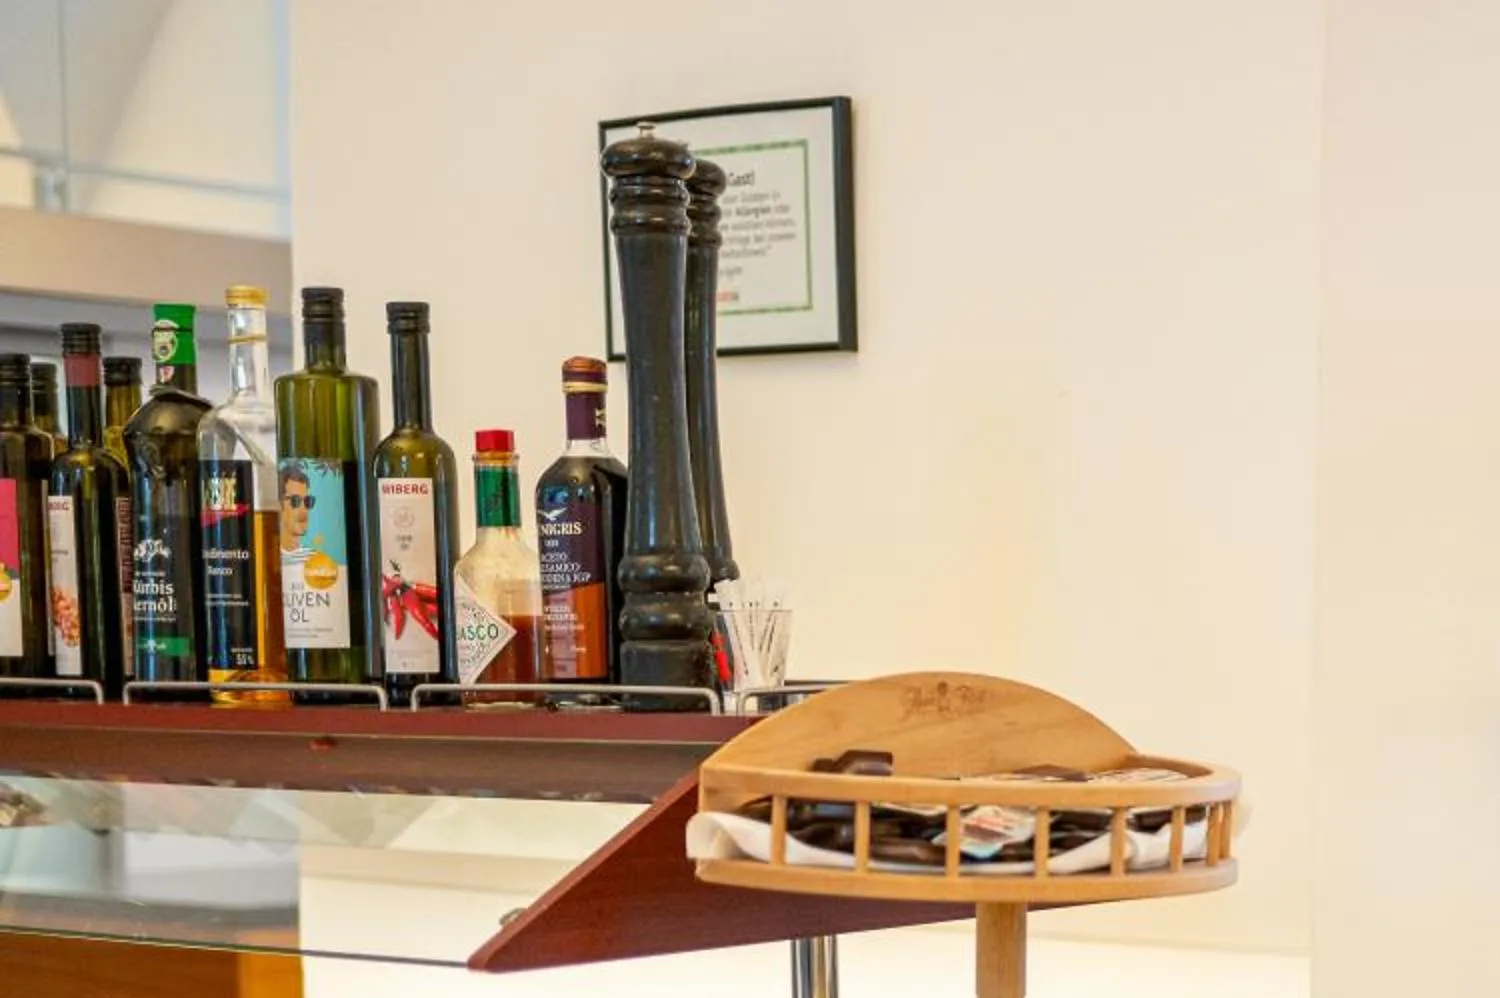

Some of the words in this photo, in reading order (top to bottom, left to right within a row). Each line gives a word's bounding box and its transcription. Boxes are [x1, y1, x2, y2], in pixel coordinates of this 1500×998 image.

[383, 484, 429, 494] WIBERG
[133, 579, 175, 595] ürbis
[133, 597, 173, 612] ernöl
[460, 623, 499, 640] ASCO
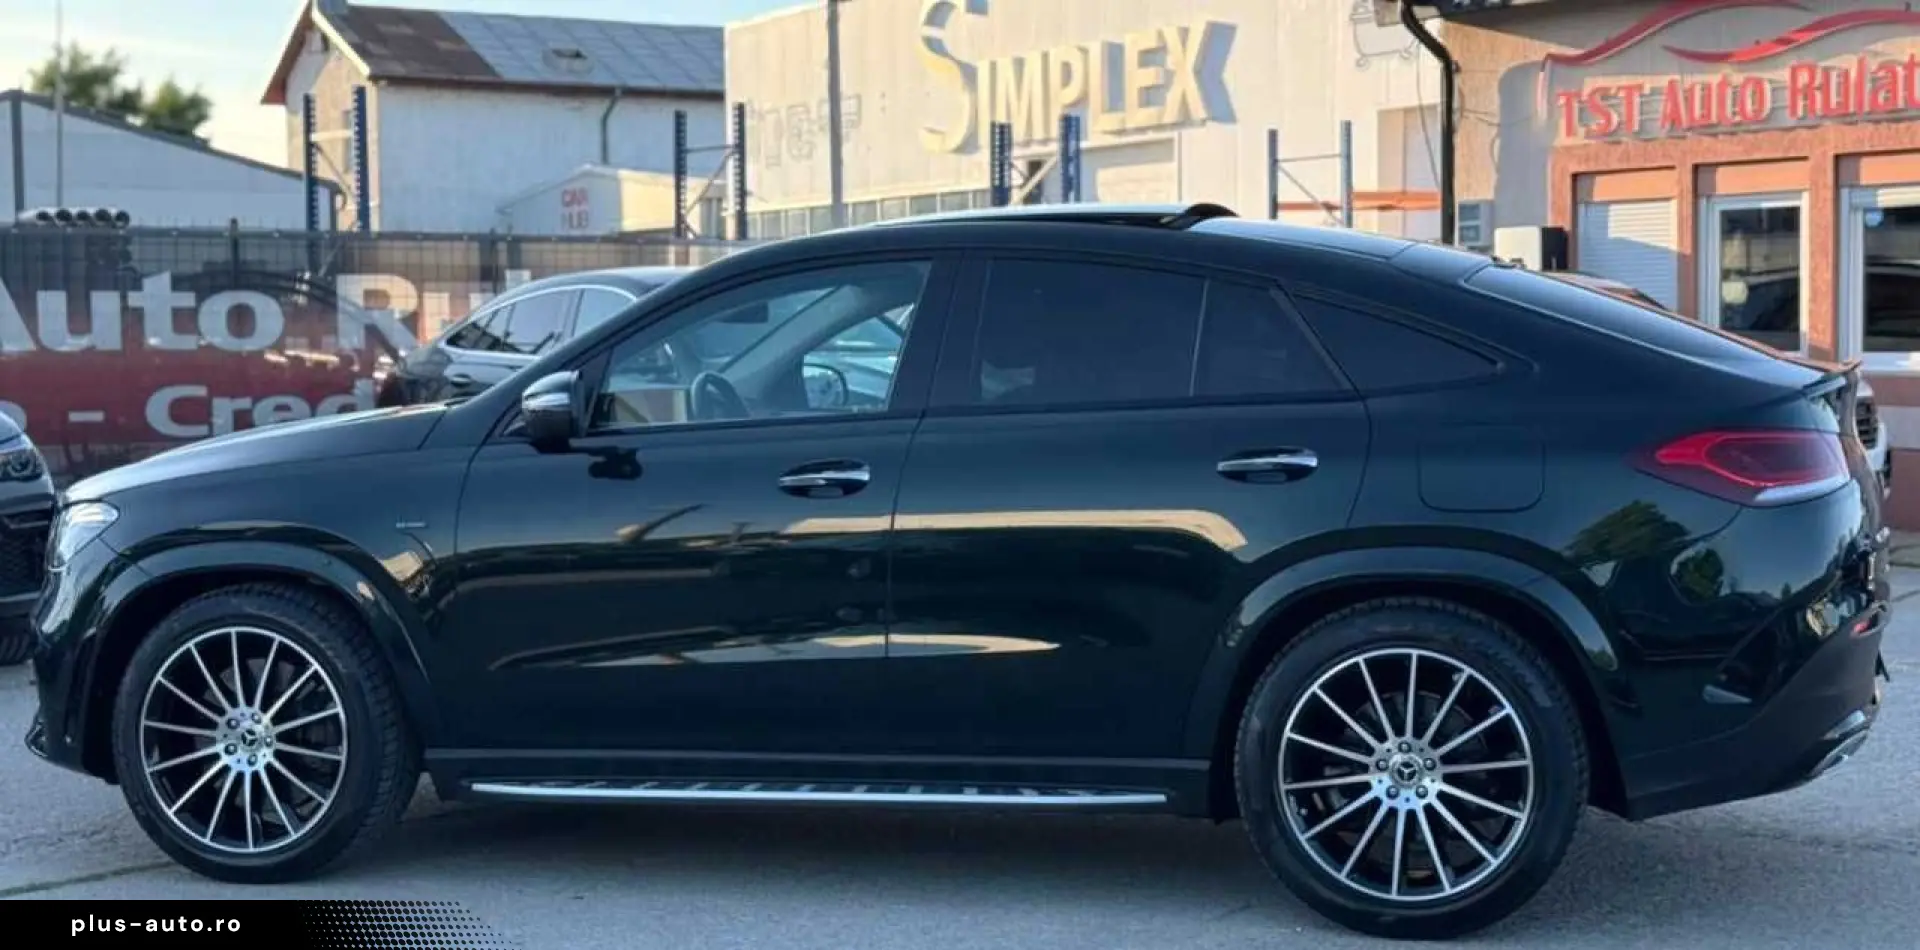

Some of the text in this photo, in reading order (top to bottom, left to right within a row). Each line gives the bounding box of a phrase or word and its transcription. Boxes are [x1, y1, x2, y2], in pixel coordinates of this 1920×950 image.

[917, 0, 1208, 153] SIMPLEX
[1556, 51, 1920, 138] TST Auto Rulat
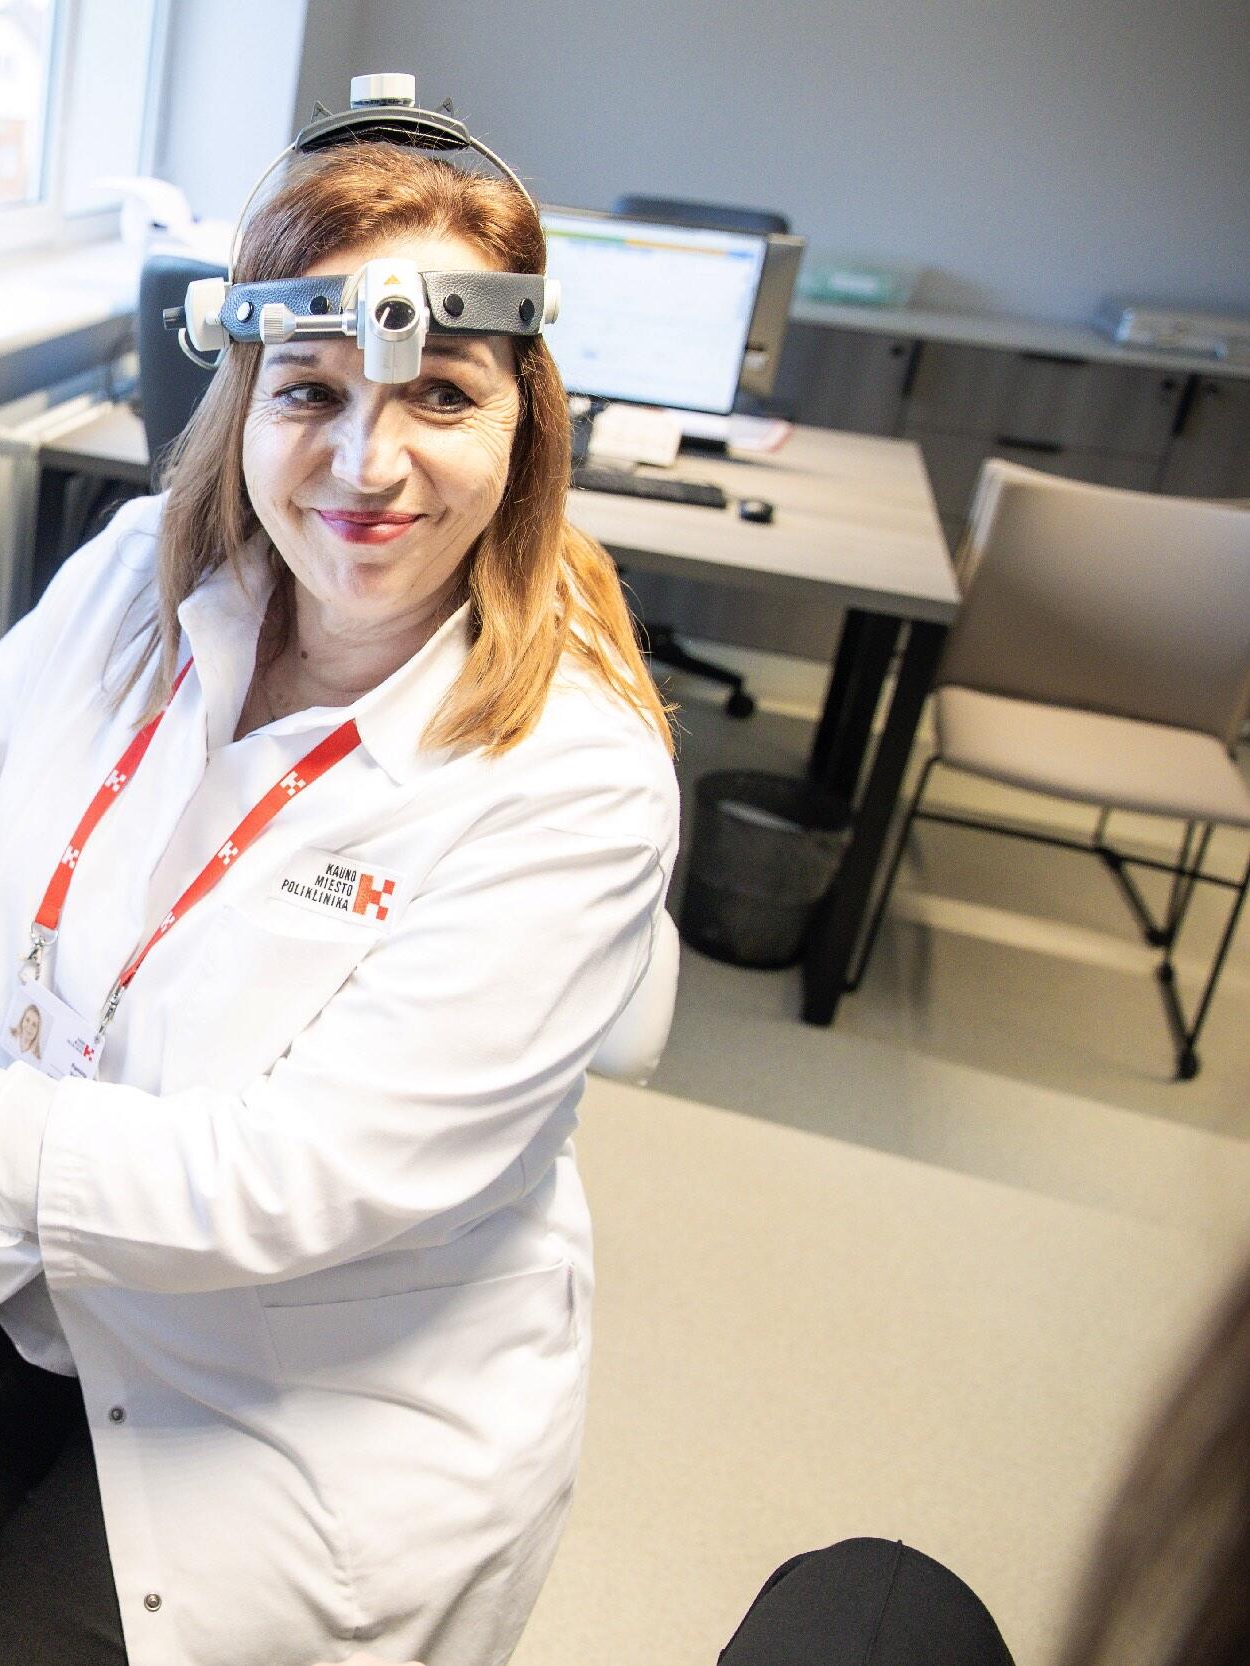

________________________________________

→ **WORK INSTRUCTION**: Repeat the data exactly in full, omitting its pictures.

→ **RESULT OF THE EXERCISE**:
Some of the words in this photo, in reading order (top to bottom, left to right within a row). Each line gives a word's bounding box and its transcription. Boxes are [x1, y1, x2, y2], in pixel coordinates of this 1500×998 image.

[383, 484, 429, 494] WIBERG
[133, 579, 175, 595] ürbis
[133, 597, 173, 612] ernöl
[460, 623, 499, 640] ASCO

Some of the text in this photo, in reading order (top to bottom, left to right within a row). Each line gives the bounding box of a phrase or word and its transcription. Boxes are [x1, y1, x2, y2], in pixel coordinates of this 1920×950 image.

[917, 0, 1208, 153] SIMPLEX
[1556, 51, 1920, 138] TST Auto Rulat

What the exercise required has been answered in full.